Helping Out A Friend

Okay so I just returned an email to a friend who wants to gain muscular size, strength, and improve his conditioning. I briefly laid out a very general strength and conditioning program and nutritional protocol for him as well. I included Mark Rippetoe’s youtube videos for giving him some information of form for the big lifts.

This is not indicative of what a formal consult with me would look like, as in that instance I have a questionnaire that goes with it in addition to multiple emails and phone calls so that I can specifically program for them and their nutrition is dialed in.

However, I thought that some of our readers might benefit from this so I included most of the email below. Does this help??

 

Okay _______,

So basically what we need to do is decrease the amount of exercises you’re doing, the variation as I will refer to it, and increase the intensity- which is the load or percentage of 1 rep max (1RM).  From my experience most trainees are novices when it comes to lifting, whether they agree or not. This is a good thing, however, as you can make very quick progress because you have so much untapped potential. This is especially true being a young, fit, male lifter with the commitment required to see gains. If I simply told you to do more weight and less reps I would be leaving out some information pertinent to you realizing your desired goals, so I won’t do that. Instead I will give you a program that should last you between 3-6 months if you do it consistently. At the end of this period of time you will likely have added significant size, strength, and be more conditioned. The biggest tip I can give you is that PROGRESS is the name of the game.

In this program you will be making progress linearly, that is every time you repeat an exercise in the cycle you will be adding weight to the bar. You can get away with this because you are a novice and there is much room between your present state and your genetic limitations. As you get closer and closer to your genetic ceiling you will require more complex programming to see gains, kind of like building a race car. If you took a stock car and wanted to go drag racing you could improve the vehicle’s 1/4 mile time by adding good tires, exhaust, cold air, and other small bolt-ons and see major improvements. As the car gets faster and faster more complex things need to be done to it- like a back half chassis, additional suspension work, power adders, etc. So right now you are the stock car and we can focus on simple things first. Without progressive overload (adding weight in this case) results will not come. If you can squat 100 x 10 for instance, repeating this workout does not disrupt your body’s homeostasis enough to spur an adaptation, which in this case is muscular hypertrophy and contractile potential (strength).
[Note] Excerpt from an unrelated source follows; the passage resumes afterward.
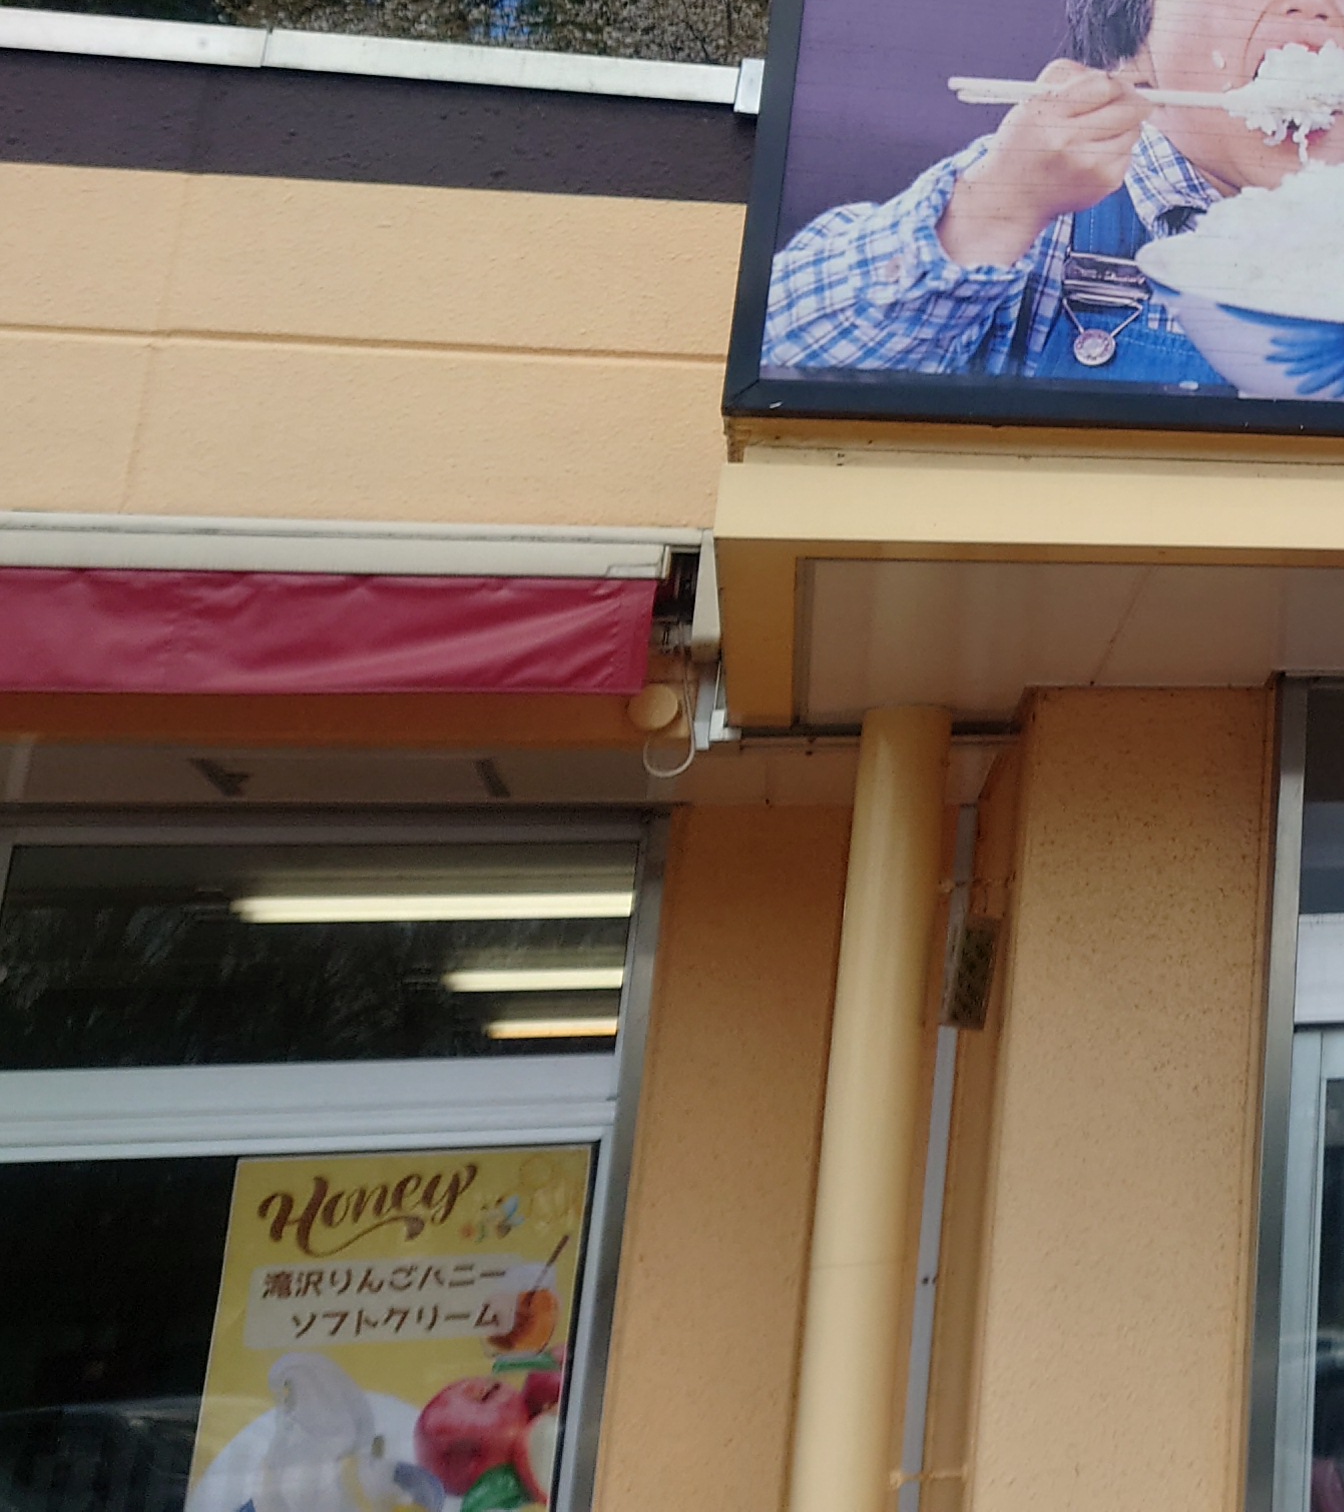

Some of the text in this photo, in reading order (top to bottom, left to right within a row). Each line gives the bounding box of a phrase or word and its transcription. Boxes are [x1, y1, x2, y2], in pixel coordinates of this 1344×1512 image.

Similarly, if you overdid it- say squatted 100 x 10 x 10 sets- you would overshoot your body’s ability to recover from the workout and thus not make the type of progress an intelligently structured program allows.

I am also including what I consider to be some of the best free online tutorials of the movements that make up the bread and butter of this program. In addition I would recommend buying Mark Rippetoe’s Starting Strength 3rd edition to supplement this learning experience. Finally, I will include some baseline nutrition recommendations that will support muscular growth and strength gain in addition to fueling conditioning. If you wish to go more in depth than this at a later date we can do a formal consult. Without further ado….

_____ New Program
Frequency- 3 non-consecutive days  (MWF for instance)
All exercises are written as follows: movement x reps x sets
e.g press x 5 x 3= press for 3 sets of 5 reps
* a “+” denotes a max rep set, usually done as the final set of a movement

Day 1:
1) Alternate A/B
A: Press x 5 x 2, x 5+ x 1
B: Bench Press x 5 x 2, x 5+ x 1
2) Alternate A/B
A: Chin Ups x max reps x 3
B: Barbell Curl x 12 x 3
3) Squat x 5 x 2, 5+ x 1
Conditioning

Day 2
1) Alternate A/B
A: Bench Press x 5 x 2, x 5+ x 1
B: Press x 5 x 2, x 5+ x 1
2) Alternate A/B
A) Barbell Curl x 12 x 3
B) Chin ups x max reps x 3
3) Deadlift x 5+ x 1 (after warming up)

Day 3
1) Alternate A/B
A: Press x 5 x 2, x 5+ x 1
B: Bench Press x 5 x 2, x 5+ x 1
2) Alternate A/B
A: Chin Ups x max reps x 3
B: Barbell Curl x 12 x 3
3) Squat x 5 x 2, 5+ x 1

Saturday: Conditioning

So the A/B split rotates each week. For instance on week one you would “press” Monday and Friday and “bench press” Wednesday- if you were training Monday, Wednesday, and Friday. When you press, you will follow them with chin-ups and when you bench press you will follow that with curls. I find that usually at this stage in the game we don’t need to include any additional tricep or shoulder isolation movements because of the high frequency of pressing (3x a week). We alternate the press and bench press because it evenly develops the musculature around the shoulder girdle. Many bench press only people end up with a more anterior (towards the front) dominant posture which can lead to shoulder impingement, pain, dysfunction and just plain old injuries. If you can do 10+ strict chin ups (all the way down and up) then consider adding weight – starting at about 10lbs and making sure that you’re getting at least 6 reps per set in. Once you get back to 10+ reps with weight, bump the weight up on these.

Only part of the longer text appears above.